## Activity
Give back the lines below verbatim, omitting all pictures.

(Collected data)
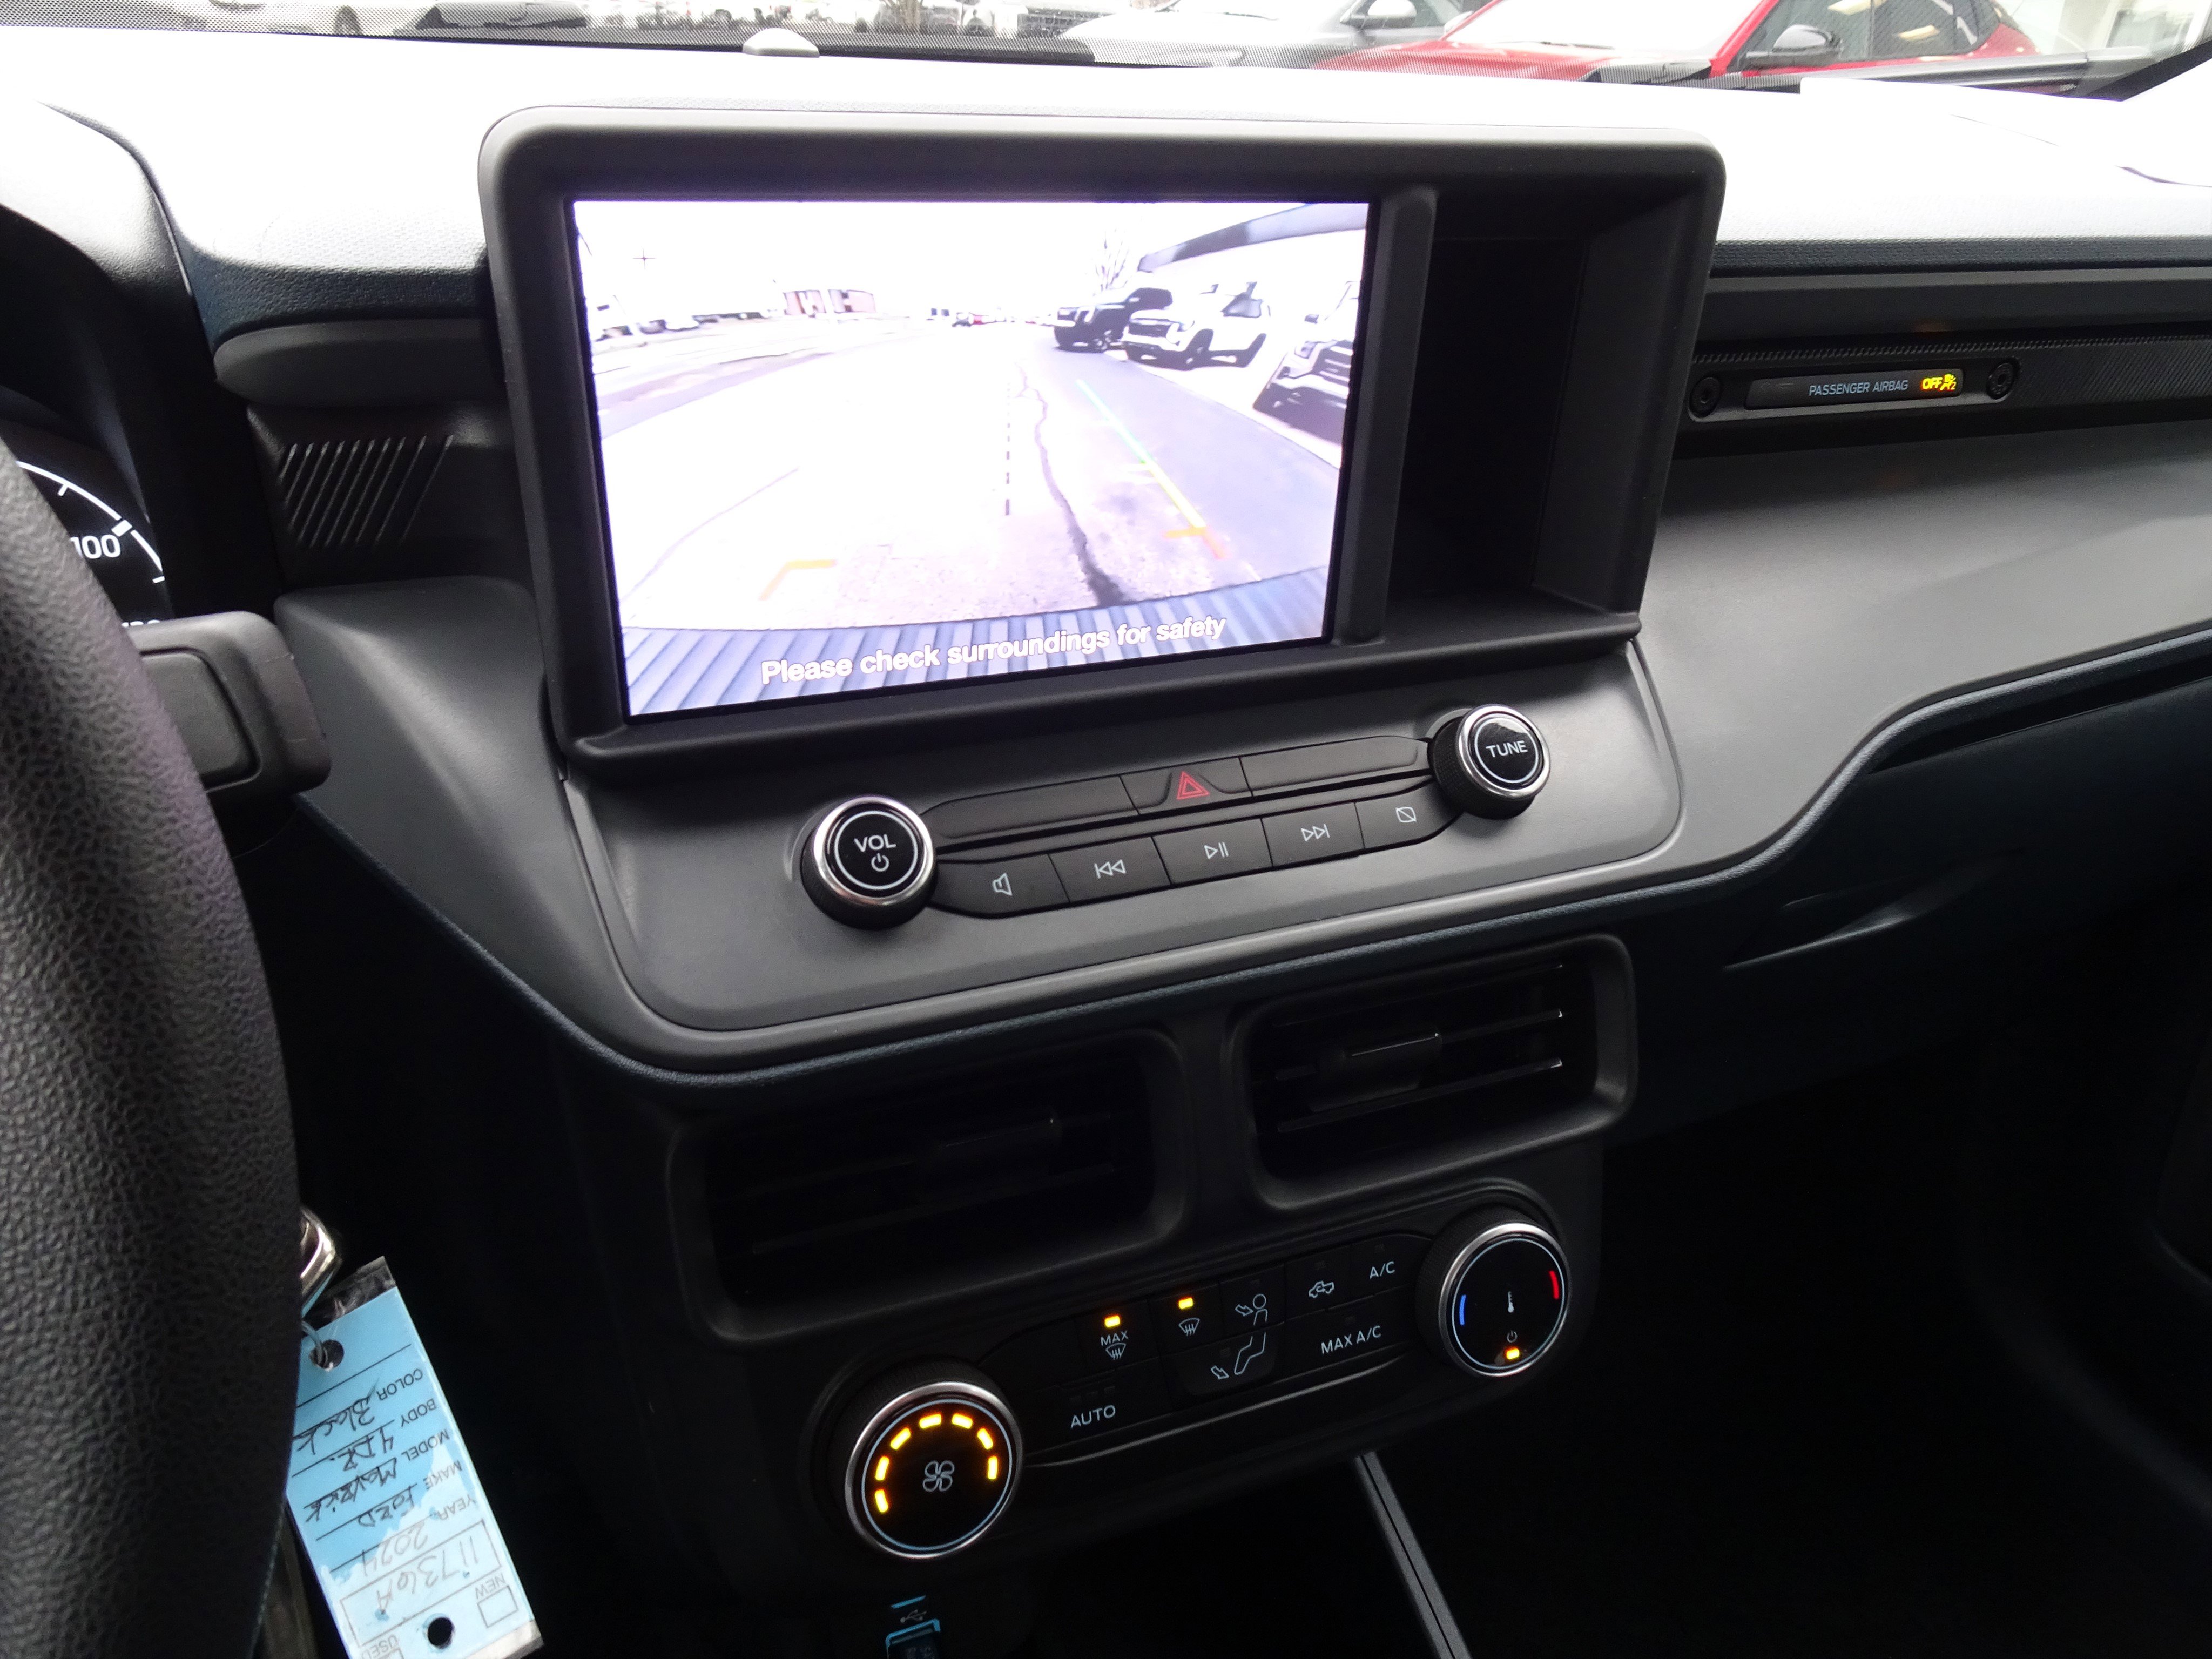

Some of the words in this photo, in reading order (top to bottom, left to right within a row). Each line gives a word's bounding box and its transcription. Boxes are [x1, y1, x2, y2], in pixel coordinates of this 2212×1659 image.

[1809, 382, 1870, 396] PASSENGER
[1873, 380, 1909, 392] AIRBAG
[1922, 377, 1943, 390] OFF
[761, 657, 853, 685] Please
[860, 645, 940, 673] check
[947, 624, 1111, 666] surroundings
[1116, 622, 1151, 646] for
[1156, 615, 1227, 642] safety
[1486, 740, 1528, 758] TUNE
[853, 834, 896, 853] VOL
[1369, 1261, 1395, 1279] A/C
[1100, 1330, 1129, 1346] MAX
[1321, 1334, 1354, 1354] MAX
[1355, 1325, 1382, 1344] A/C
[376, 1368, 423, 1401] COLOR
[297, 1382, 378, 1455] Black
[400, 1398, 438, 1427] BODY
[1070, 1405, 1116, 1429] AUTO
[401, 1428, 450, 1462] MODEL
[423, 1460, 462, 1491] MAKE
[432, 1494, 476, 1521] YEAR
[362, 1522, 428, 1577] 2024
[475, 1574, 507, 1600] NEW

## The answer
Some of the words in this photo, in reading order (top to bottom, left to right within a row). Each line gives a word's bounding box and its transcription. Boxes are [x1, y1, x2, y2], in pixel coordinates of this 2212×1659 image.

[1809, 382, 1870, 396] PASSENGER
[1873, 380, 1909, 392] AIRBAG
[1922, 377, 1943, 390] OFF
[761, 657, 853, 685] Please
[860, 645, 940, 673] check
[947, 624, 1111, 666] surroundings
[1116, 622, 1151, 646] for
[1156, 615, 1227, 642] safety
[1486, 740, 1528, 758] TUNE
[853, 834, 896, 853] VOL
[1369, 1261, 1395, 1279] A/C
[1100, 1330, 1129, 1346] MAX
[1321, 1334, 1354, 1354] MAX
[1355, 1325, 1382, 1344] A/C
[376, 1368, 423, 1401] COLOR
[297, 1382, 378, 1455] Black
[400, 1398, 438, 1427] BODY
[1070, 1405, 1116, 1429] AUTO
[401, 1428, 450, 1462] MODEL
[423, 1460, 462, 1491] MAKE
[432, 1494, 476, 1521] YEAR
[362, 1522, 428, 1577] 2024
[475, 1574, 507, 1600] NEW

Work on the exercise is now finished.